Attendu que ce grief pose la question de la compétence internationale du juge de l'Etat membre sur le territoire duquel a été ouverte la procédure principale d'insolvabilité pour connaître d'une action en responsabilité pour concurrence déloyale, dont les demanderesses au pourvoi soutiennent qu'elle dérive directement de cette procédure d'insolvabilité et s'y insère étroitement ;

Attendu que, s'agissant de la détermination de la juridiction compétente, l'article 3, paragraphe 1, du règlement dispose : " Les juridictions de l'Etat membre sur le territoire duquel est situé le centre des intérêts principaux du débiteur sont compétentes pour ouvrir la procédure d'insolvabilité. Pour les sociétés et les personnes morales, le centre des intérêts principaux est présumé, jusqu'à preuve contraire, être le lieu du siège statutaire ; "

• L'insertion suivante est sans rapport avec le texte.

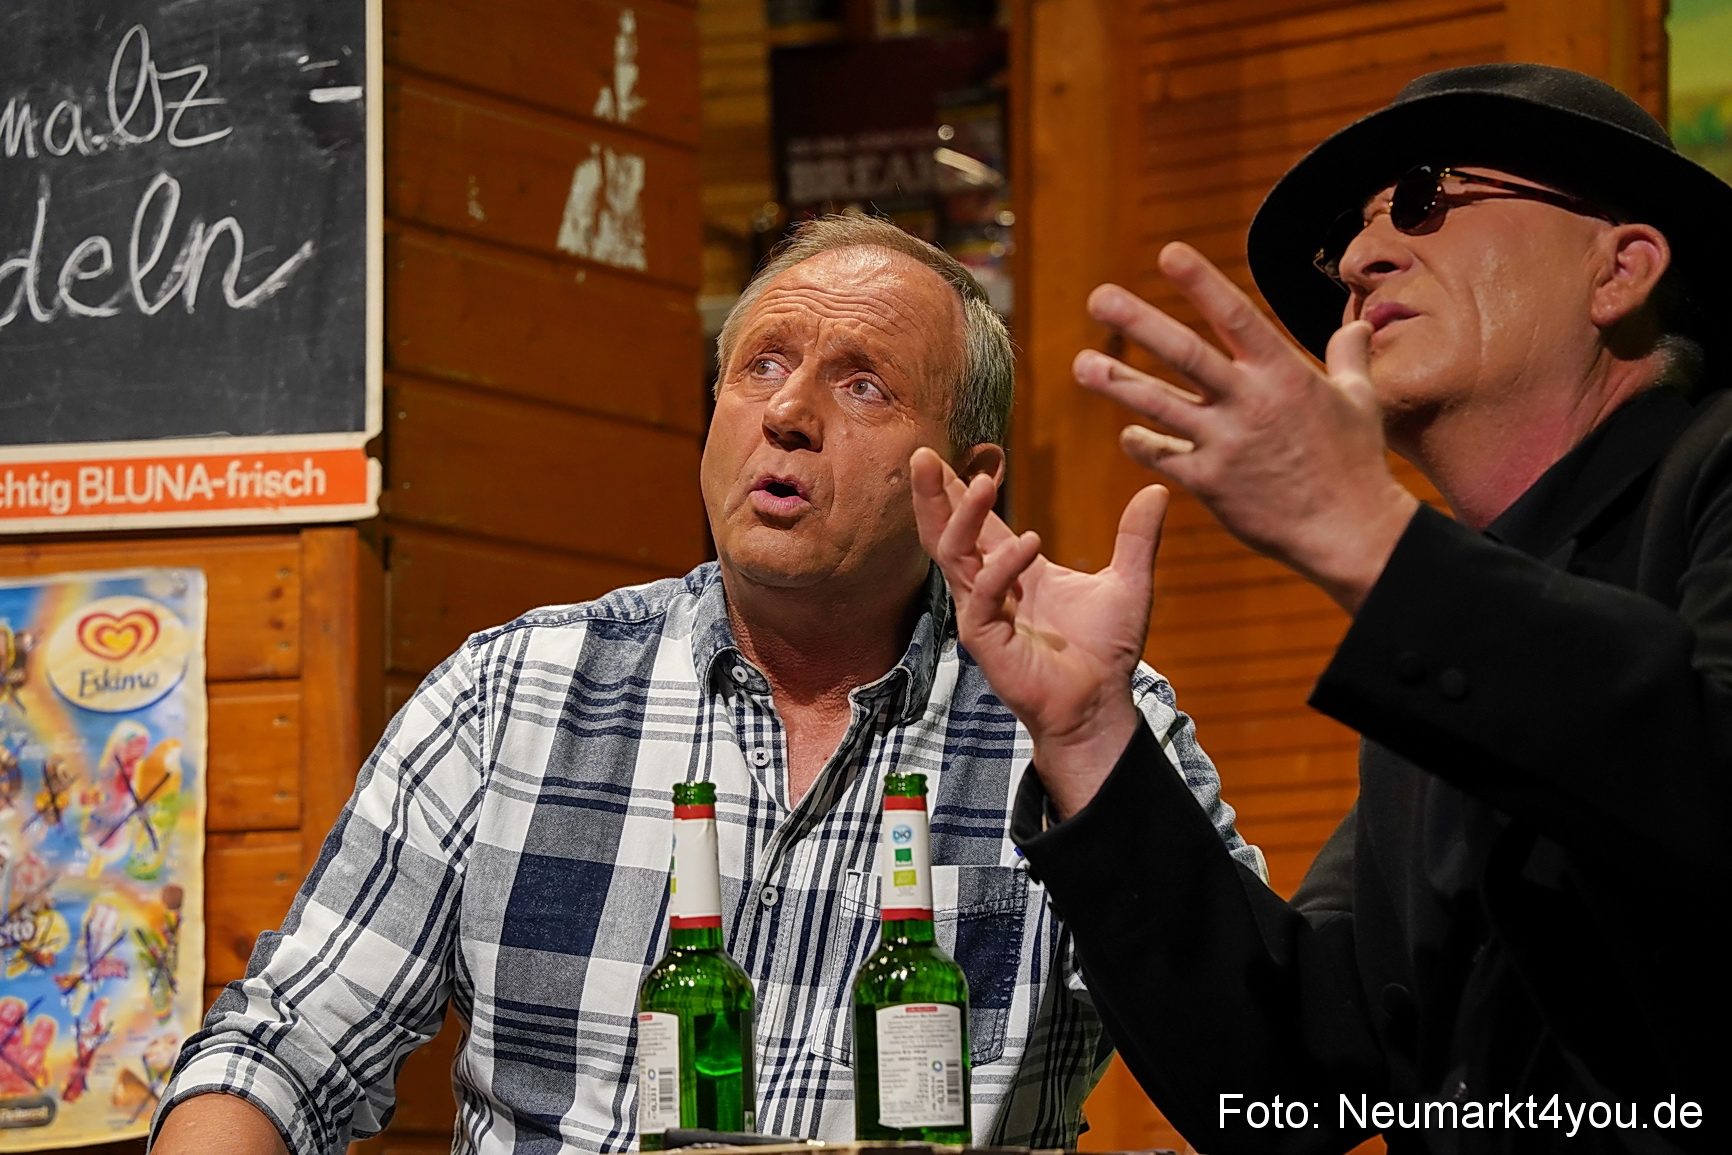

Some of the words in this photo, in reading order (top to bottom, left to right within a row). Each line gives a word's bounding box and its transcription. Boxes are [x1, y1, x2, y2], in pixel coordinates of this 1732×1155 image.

Que la Cour de justice des Communautés européennes, devenue de l'Union européenne, juge (CJCE, 12 février 2009, C-339-07, point 21) que, compte tenu de l'effet utile du règlement, l'article 3, paragraphe 1, de ce dernier doit être interprété en ce sens qu'il attribue également une compétence internationale à l'Etat membre sur le territoire duquel a été ouverte la procédure d'insolvabilité pour connaître des actions qui dérivent directement de cette procédure et qui s'y insèrent étroitement ;

Que le pourvoi pose la question de savoir si la présente action en responsabilité pour concurrence déloyale s'analyse en une action de droit commun, étrangère à la procédure principale d'insolvabilité ouverte devant le tribunal de Darmstadt, ou si, au contraire, elle entre dans la catégorie des actions qui dérivent directement de cette procédure et qui s'y insèrent étroitement, relevant de la compétence de cette juridiction ;

Qu'il y a donc lieu de renvoyer cette question à la Cour de justice de l'Union européenne ;

PAR CES MOTIFS : Renvoie à la Cour de justice de l'Union européenne aux fins de répondre à la question suivante :" L’article 3 du règlement (CE) du Conseil n° 1346/2000 du 29 mai 2000 relatif aux procédures d’insolvabilité doit-il être interprété en ce sens que relève exclusivement de la compétence du tribunal ayant ouvert la procédure d’insolvabilité l’action en responsabilité par laquelle il est reproché au cessionnaire d’une branche d’activité acquise dans le cadre de cette procédure de s’être présenté à tort comme assurant la distribution exclusive des articles fabriqués par le débiteur ? ".